Set a leader-follower architecture pattern

The follower database is a feature that follows a database or a set of tables in a database from another cluster located in the same region. This feature is exposed through Azure Data Share, Azure Resource Manager APIs, and a set of cluster commands.

Use the leader-follower pattern to set compute resources for different workloads. For example, set up a cluster for ingestions, a cluster for querying or serving dashboards or applications, and a cluster that serves the data science workloads. Each workload in this case will have dedicated compute resources that can be scaled independently, and different caching and security configurations. All clusters use the same data, with the leader writing the data and the followers using it in a read-only mode.


Follower databases have a lag from the leader, usually of a few seconds. If your solution requires the latest data with no latency, this solution might be useful. Use a view on the follower cluster that unions the data from the leader and the follower and queries the latest data from the leader and the rest of the data from the follower.

To improve the performance of queries on the follower cluster, you can enable prefetch extents configuration. Use this configuration carefully, because it could affect the freshness of data in the follower database.

Optimize queries

Use the following methods to optimize your queries for high concurrency.

Follow query best practices so that your queries are as efficient as possible.

Use a query results cache

When more than one user loads the same dashboard at a similar time, the dashboard to the second and following users can be served from the cache. This setup provides high performance with almost no CPU usage. Use the query results cache feature, and send query results cache configuration with the query by using the set statement.

Grafana contains a configuration setting for the query results cache at the data source level, so all dashboards use this setting by default and don't need to modify the query.

Configure query consistency

The default query consistency mode is strong. In this mode, an admin node manages metadata and ingestion for the cluster, as well as query planning and delegating execution to other nodes.
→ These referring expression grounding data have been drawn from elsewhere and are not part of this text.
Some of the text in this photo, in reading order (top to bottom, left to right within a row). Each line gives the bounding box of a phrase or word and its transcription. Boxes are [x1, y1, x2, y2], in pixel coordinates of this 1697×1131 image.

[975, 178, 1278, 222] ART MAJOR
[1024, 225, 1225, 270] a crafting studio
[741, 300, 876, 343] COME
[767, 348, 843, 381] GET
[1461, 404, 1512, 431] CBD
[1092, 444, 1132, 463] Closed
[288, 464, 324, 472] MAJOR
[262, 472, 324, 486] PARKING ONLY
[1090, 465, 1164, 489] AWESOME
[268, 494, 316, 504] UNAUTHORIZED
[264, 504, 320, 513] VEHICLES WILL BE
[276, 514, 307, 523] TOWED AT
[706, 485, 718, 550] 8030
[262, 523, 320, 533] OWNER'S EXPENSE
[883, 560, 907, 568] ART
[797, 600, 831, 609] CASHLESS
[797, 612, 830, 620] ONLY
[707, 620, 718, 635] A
In high-concurrency applications, managing queries may cause the admin node's CPU use to be high, whilst other nodes are less busy. This can cause a bottleneck where the number of concurrent queries can't grow. However, this may not be apparent in the cluster's CPU report (Azure portal > {your_cluster} > Metrics > CPU Metric) which shows the average CPU use for the cluster.

For this scenario, we recommend using weak consistency mode. In this mode, more nodes are able to manage queries, which makes it possible to horizontally scale the number of concurrent queries. Nodes in this mode periodically refresh their copy of metadata and newly ingested data, which leads to a latency of typically less than a minute as the data is synchronized. However, this short latency is preferable to the bottleneck situation that can arise when using strong consistency mode.
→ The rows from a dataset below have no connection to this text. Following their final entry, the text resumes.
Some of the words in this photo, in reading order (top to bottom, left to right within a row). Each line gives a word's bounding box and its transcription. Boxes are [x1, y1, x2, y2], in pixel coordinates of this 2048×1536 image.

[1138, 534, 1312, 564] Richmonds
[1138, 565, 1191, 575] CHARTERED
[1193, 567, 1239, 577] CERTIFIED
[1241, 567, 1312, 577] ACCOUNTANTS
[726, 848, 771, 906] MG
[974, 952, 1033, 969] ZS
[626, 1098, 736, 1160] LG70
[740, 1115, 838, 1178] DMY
You can set the consistency mode in a workload group query consistency policy, in the client request properties, or in the Grafana data source configuration.

Set cluster policies

The number of concurrent requests is capped by default and controlled by the Request rate limit policy so that the cluster doesn't get overloaded. You can adjust this policy for high-concurrency situations. This policy should be adjusted only after rigorous testing, preferably on production-like usage patterns and datasets. Testing ensures the cluster can sustain the modified value. This limit can be configured based on application needs.

Monitor Azure Data Explorer clusters

Monitoring the health of your cluster resources helps you build an optimization plan by using the features suggested in the preceding sections. Azure Monitor for Azure Data Explorer provides a comprehensive view of your cluster's performance, operations, usage, and failures. Get insights on the queries' performance, concurrent queries, throttled queries, and various other metrics by selecting the Insights (preview) tab under the Monitoring section of the Azure Data Explorer cluster in the Azure portal.

For information on monitoring clusters, see Azure Monitor for Azure Data Explorer. For information on the individual metrics, see Azure Data Explorer metrics.